While Navalny’s interviews don’t reveal anything other than a man worried about his image, the behind-the-scenes shine through and show what appears to be an ordinary man. His relationship with his staff, his social media presence, and the affection he shows towards his wife is a welcome view of what would otherwise be a purely political figure.

More of an expose on Russian corruption, the documentary shows the potential of Russian politics and the forces trying to stop him. (4.0/5.0)

Descendant
dir. Margaret Brown

The members of the Africatown community of Mobile, Alabama consist of a group of descendants from the slave ship Clotilda. Though the ship has never been found at the mouth of the river. The residents must wrestle with the legacy of their family and how they came to be in the United States.

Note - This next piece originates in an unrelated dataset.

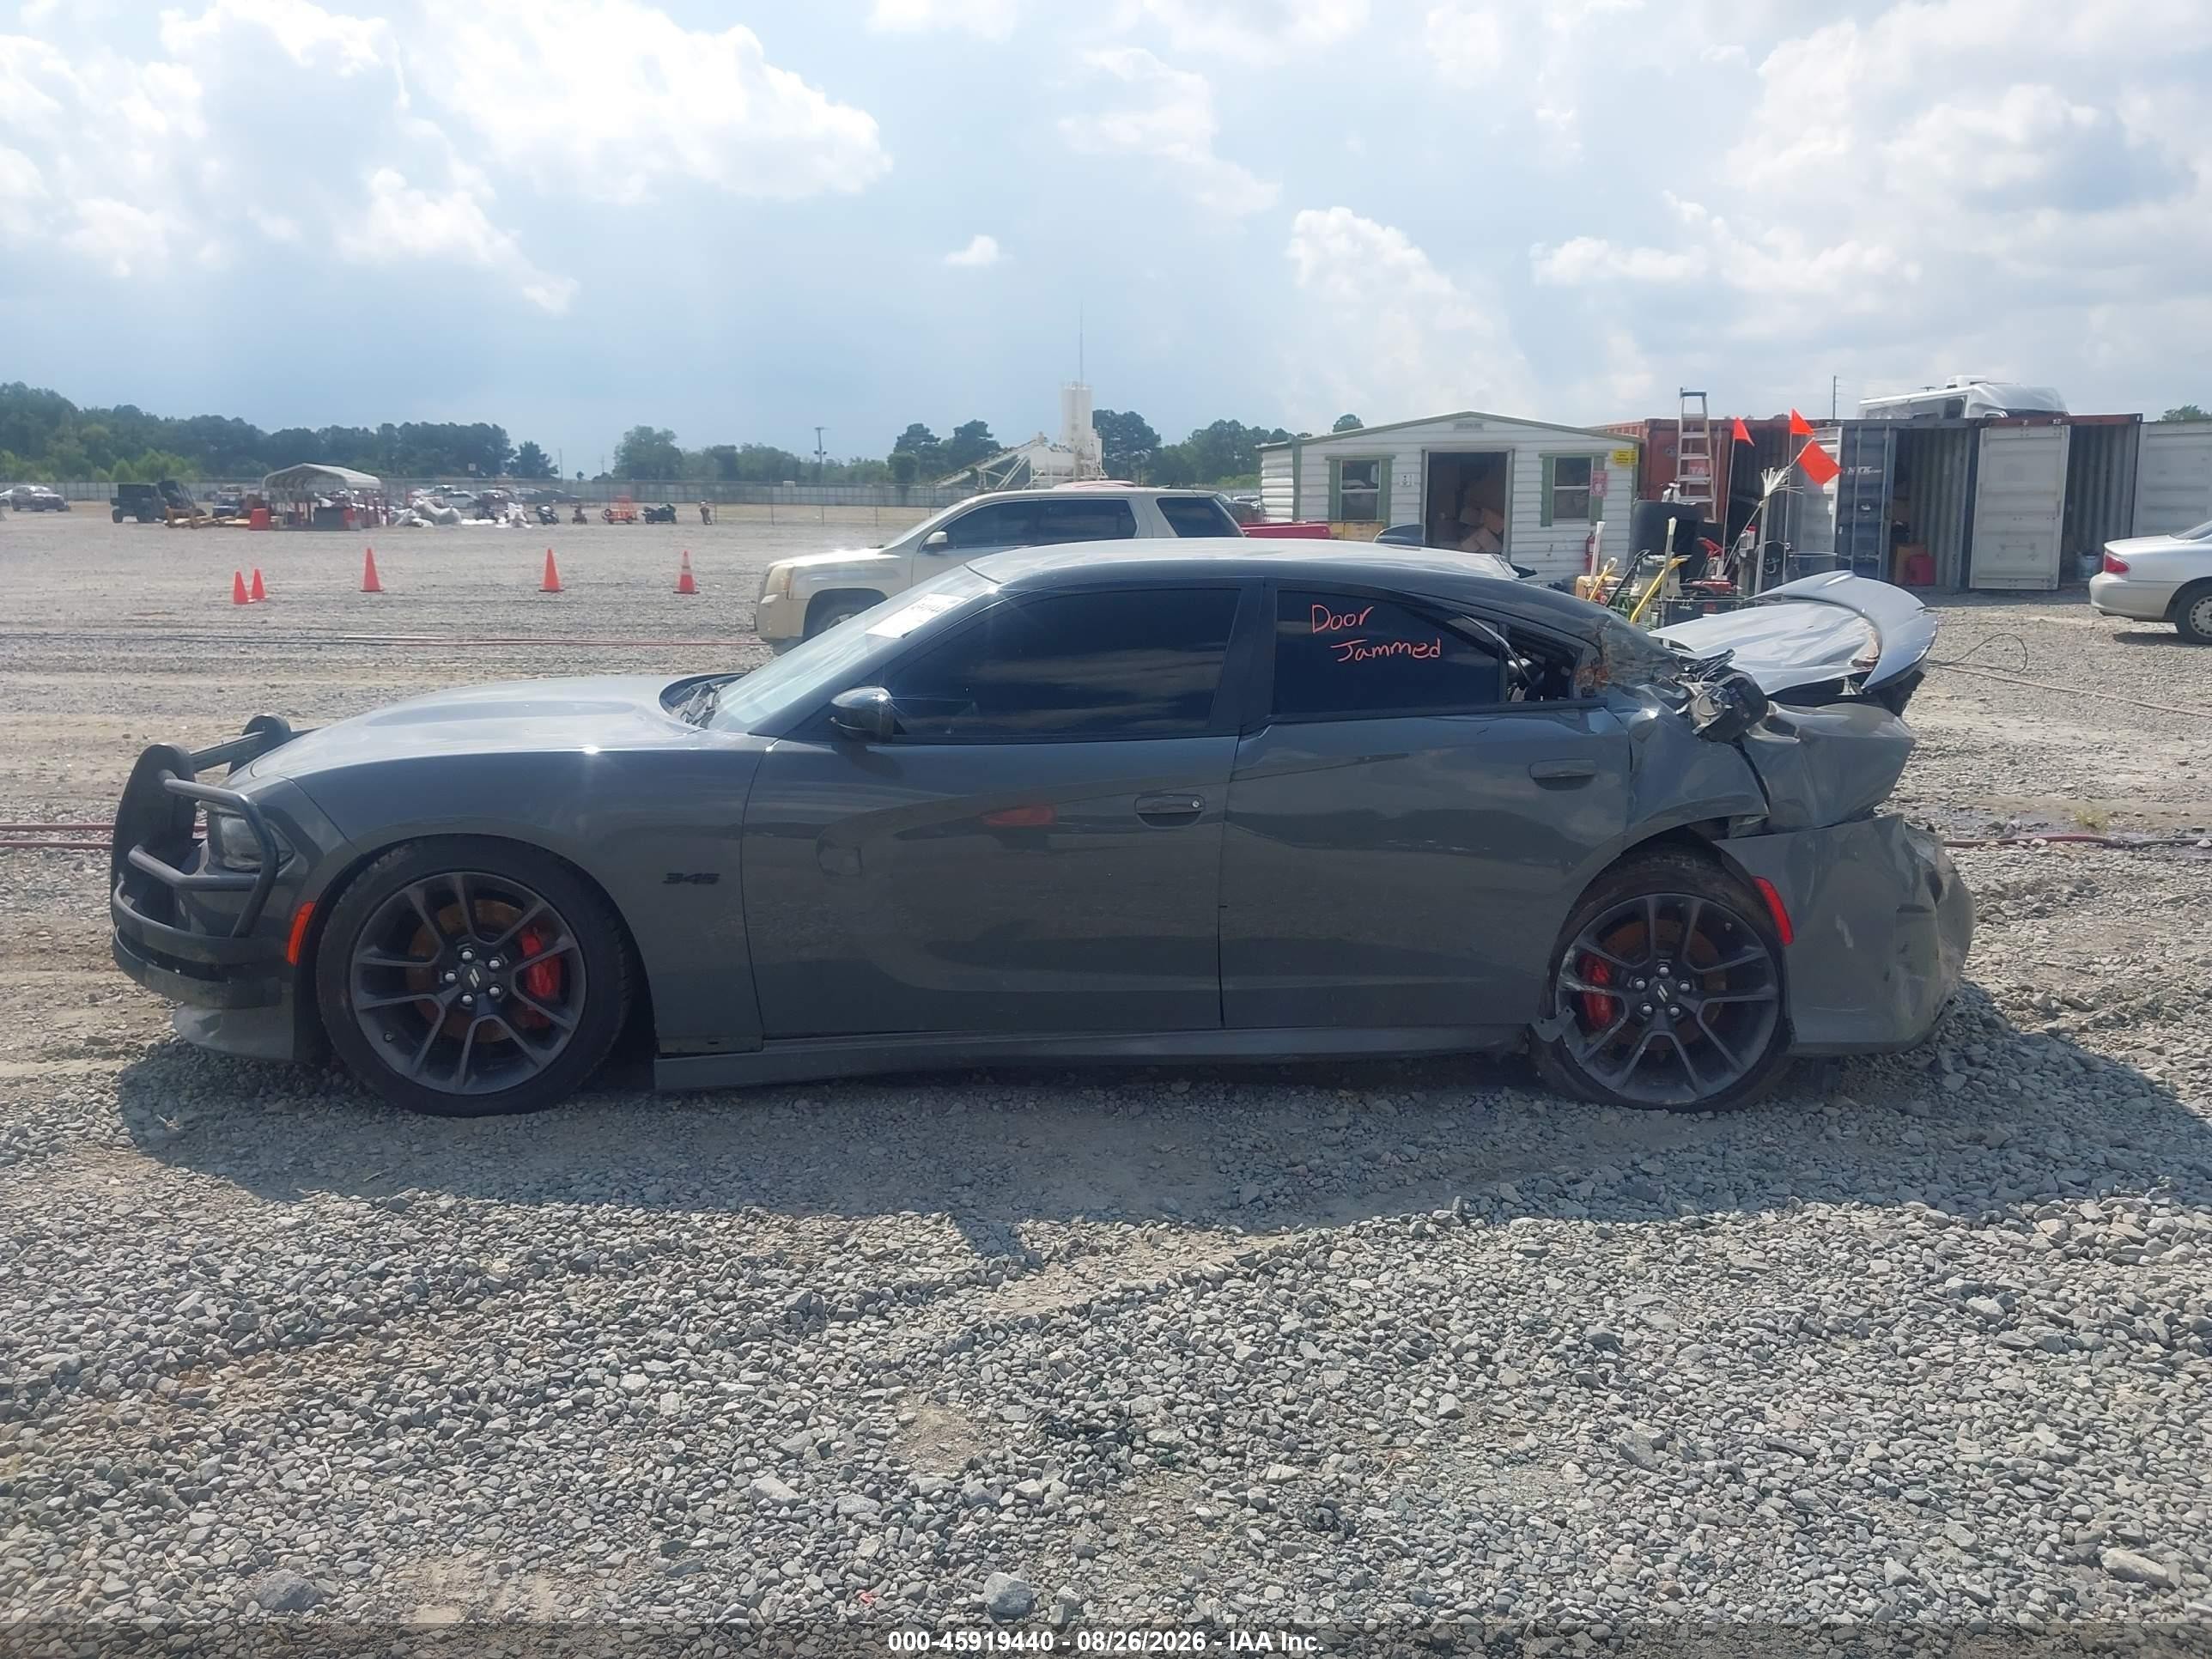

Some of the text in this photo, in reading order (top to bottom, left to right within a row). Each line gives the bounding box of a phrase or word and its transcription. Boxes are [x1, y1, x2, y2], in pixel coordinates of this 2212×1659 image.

[1311, 604, 1374, 634] Door
[1330, 638, 1442, 663] Jammed
[662, 872, 720, 885] 345

While the mystery of the Clotilda takes a part of the narrative, the residents of Africatown are much more prominent. Each has their own feelings about their roles, legacy, and what should be done moving forward. The ship is interesting, the people are essential.

What starts as a salvaging mission, turns into a poignant and somber look at the role each modern descendant plays in their own history. An important watch. (4.0/5.0)

Cha Cha Real Smooth
dir. Cooper Raiff

Recent college graduate Andrew (Cooper Raiff) has no clue what to do with his life, so he moves back home with his mom (Leslie Mann), step-dad (Brad Garrett), and his brother David (Evan Assante). Accompanying David to a bar mitzvah, Andrew connects with Domino (Dakota Johnson), a young mother with an autistic daughter Lola (Vanessa Burghardt).

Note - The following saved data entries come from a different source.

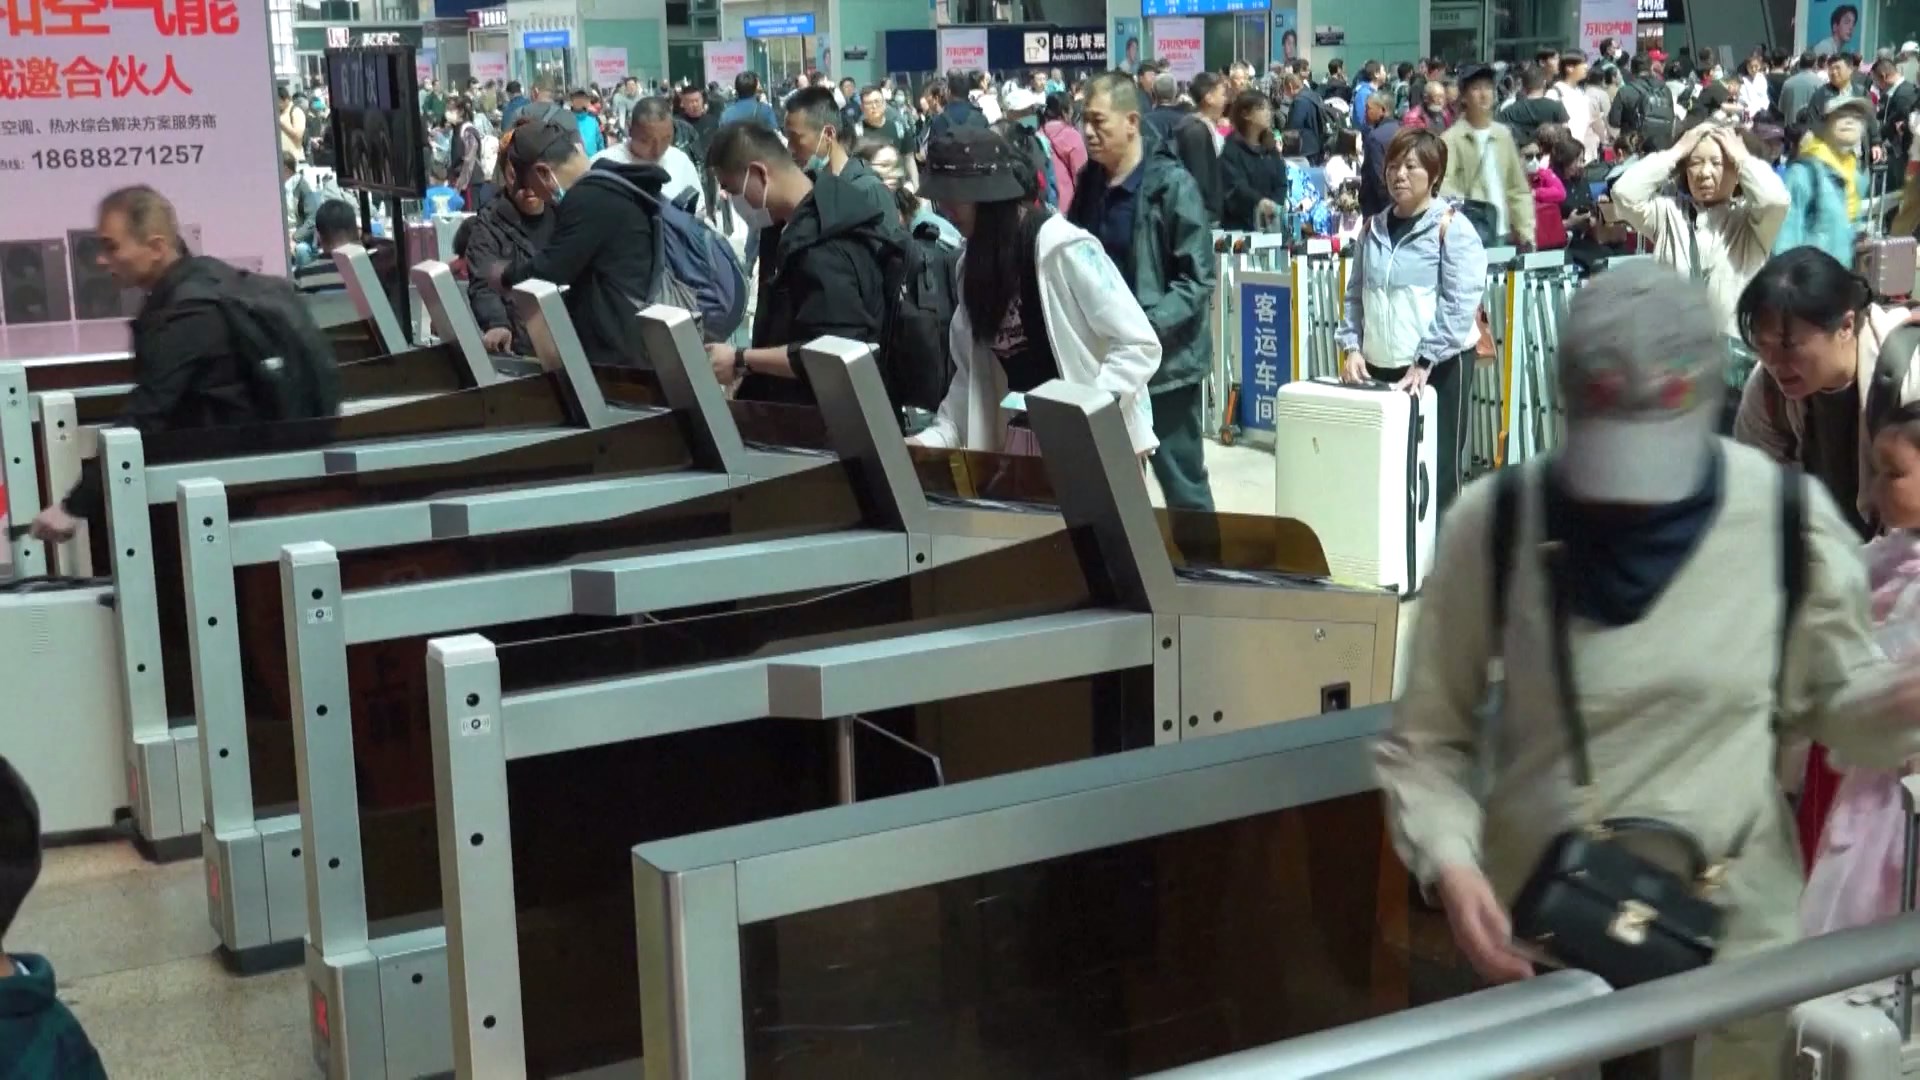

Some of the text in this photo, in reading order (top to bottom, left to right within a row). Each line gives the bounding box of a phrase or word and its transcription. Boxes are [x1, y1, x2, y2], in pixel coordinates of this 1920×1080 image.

[0, 0, 240, 36] 空气能
[362, 32, 400, 47] KFC
[1052, 33, 1106, 49] 自动售票
[1052, 53, 1085, 61] Automatic
[32, 145, 204, 169] 18688271257
[1254, 292, 1278, 424] 客运车间

Raiff touches on some lofty themes of family, life choices, immaturity, and passionate love. Raiff is a likeable presence, while Johnson is the perfect enigma of a woman. Assante is also a delight. Burghardt is able to sidestep many of the autism cliches and shows less is more. Mann is the heart of the film and may give my favorite performance in the film.

Raiff is proving himself to be a new and exciting filmmaking voice. While some might be looking for what he does next, this film announces him as the potential director of his generation.  (4.5/5.0)

That concludes my coverage of the Sundance Film Festival.  Thanks for following along!